One of the fun things about doing science research is that you don't really know what the right answer is until you test a bunch of potential solutions and figure out which one (if any of them) is right. For the computer nerds and engineers out there, science research is really reverse engineering nature. Scientists come up with a theory, and then do their best to figure out whether they're right. I think that's one of the things that the non-scientifically inclined don't understand: We're constantly refining our theories to better incorporate the subtle nuances of how nature works. It's a game of trying to understand and really "grok" how the universe functions - which has always been one of my favorite pastimes.

Anyhow, where I was going with that is to talk a little about some of the work I've been doing lately, and why it doesn't seem like work.

I'm trying to split my time between three projects; developing new (and hopefully improved) methods and software for the analysis of ChIP-Seq experiments, developing new (and, again, hopefully improved) software for analysis of whole transcriptome shotgun Illumina sequencing software, and finally, trying to analyze the results of the whole transcriptome shotgun sequencing I'm supposed to be working on for my PhD work.
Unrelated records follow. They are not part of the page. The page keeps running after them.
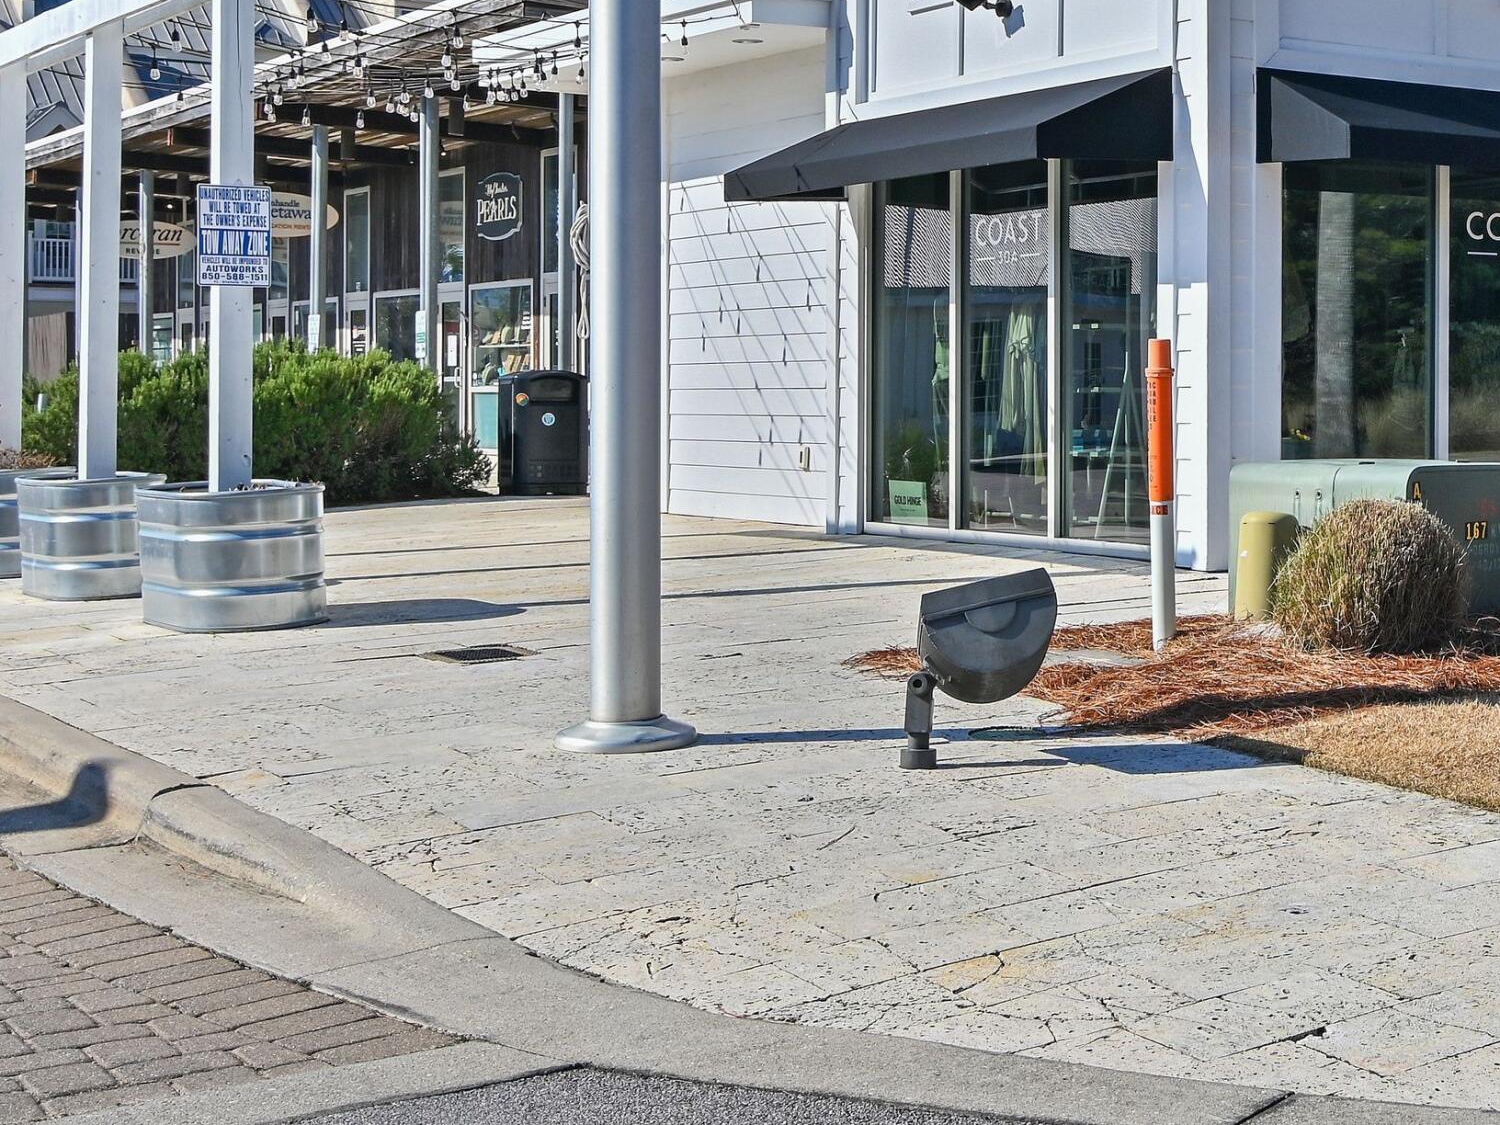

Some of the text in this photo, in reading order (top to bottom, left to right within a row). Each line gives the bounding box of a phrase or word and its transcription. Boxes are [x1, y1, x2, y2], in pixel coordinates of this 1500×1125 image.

[200, 188, 269, 202] UNAUTHORIZED VEHICLES
[209, 201, 261, 215] WILL BE TOWED AT
[271, 207, 312, 220] etawa
[476, 195, 517, 226] PEARLS
[203, 213, 267, 228] THE OWNER'S EXPENSE
[976, 213, 1041, 246] COAST
[201, 229, 268, 256] TOW AWAY ZONE
[999, 250, 1018, 265] 30A
[202, 272, 268, 282] 850-588-1511
[206, 265, 264, 274] AUTOWORKS
[1413, 482, 1421, 499] A
[1466, 521, 1488, 541] 167
Each project has it's own amusement value, and it's surprisingly different.

I spent the last 3 days hammering through the changes to my next version of the FindPeaks software I'm working on. It turned out that the development model I had in mind was completely impossible - which obviously slowed my progress down well beyond what I expected. (Apologies to my collaborators!) However, along the way, I tried several new things, which gave me a lot of opportunity to refine the application. The code runs faster, performs vastly more in depth analysis of the results, sheds light on several things we'd never observed before, and has the potential to change the way we interpret ChIP-Seq data. To a scientist, that's fun: the discovery of something unexpected.
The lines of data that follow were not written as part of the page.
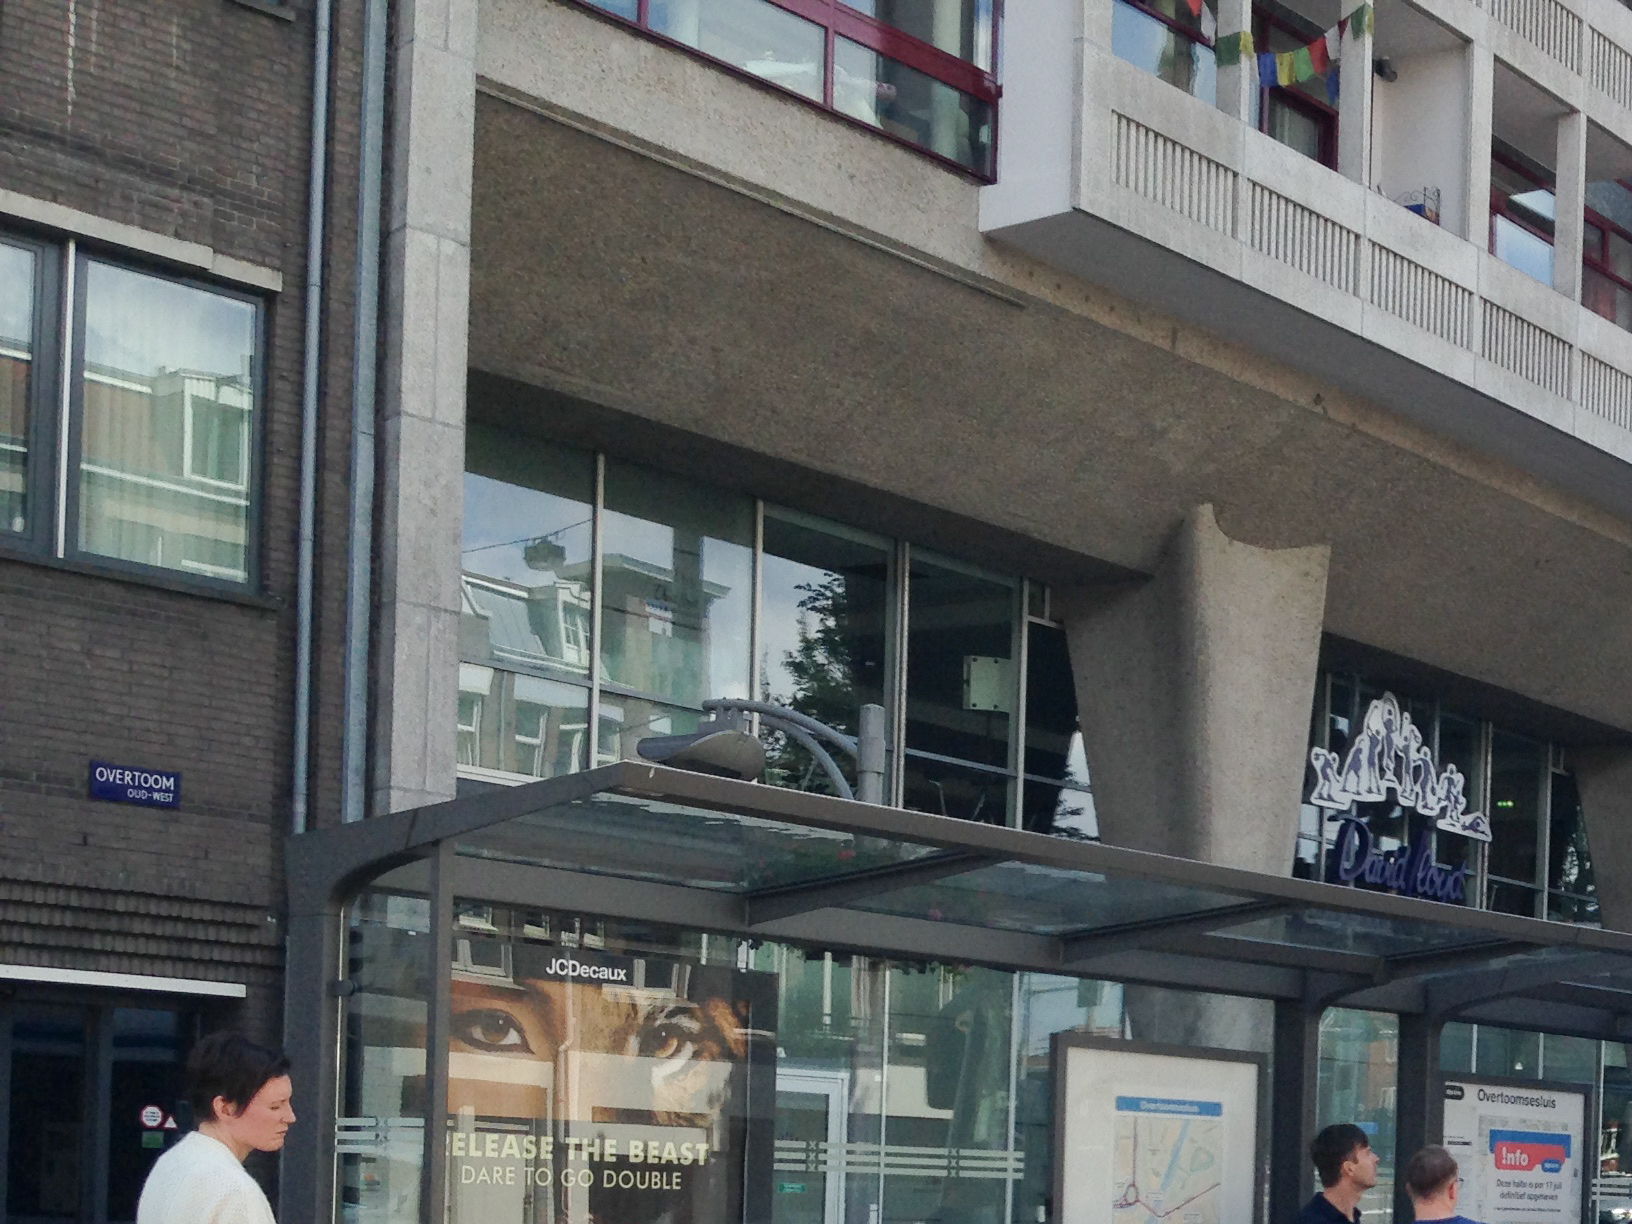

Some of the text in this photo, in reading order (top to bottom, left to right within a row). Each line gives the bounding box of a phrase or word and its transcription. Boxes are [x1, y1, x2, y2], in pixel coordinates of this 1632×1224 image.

[95, 766, 175, 791] OVERTOOM
[127, 788, 174, 803] OUD-WEST
[546, 958, 627, 982] JCDecaux
[1477, 1088, 1557, 1109] Overtoomsesluis
[446, 1131, 709, 1166] ELEASE THE BEAST
[461, 1165, 682, 1190] DARE TO GO DOUBLE
With the transcriptome software work, I've only been working on it incidentally this week, so I have less progress to report. It represents more of the usual type of science... the grinding work that goes on behind the scenes. While I may not be excited about the work itself, I can look back over the past 6 months and see how far it's come. Maybe it's not "fun", exactly... but I can take pride in the progress. By next week, I'll be able to hand over a lot more code to my collaborators on this project.

The last project, the interpretation of my own data set, is something else entirely. It's not fun, and not really pride in work well done, but just the thrill of basic research. I'm not seeing anything unexpected - but I am seeing something new for the first time. Being the first to peel back the layers and see what's going on under the hood in a cancer cell line is pretty cool. I may not understand everything, but it's all new. I'm sure it's the same thrill, albeit somewhat less grand, of an explorer being the first to climb a mountain, visit some remote corner of the earth, or take the first step on the moon. The newness doesn't fade quickly.

Between the three projects, I definitely find that there's a lot of excitement and entertainment in the grad school experience. And, as my friend Abby reminded me today, if you're having fun doing something, it's not work.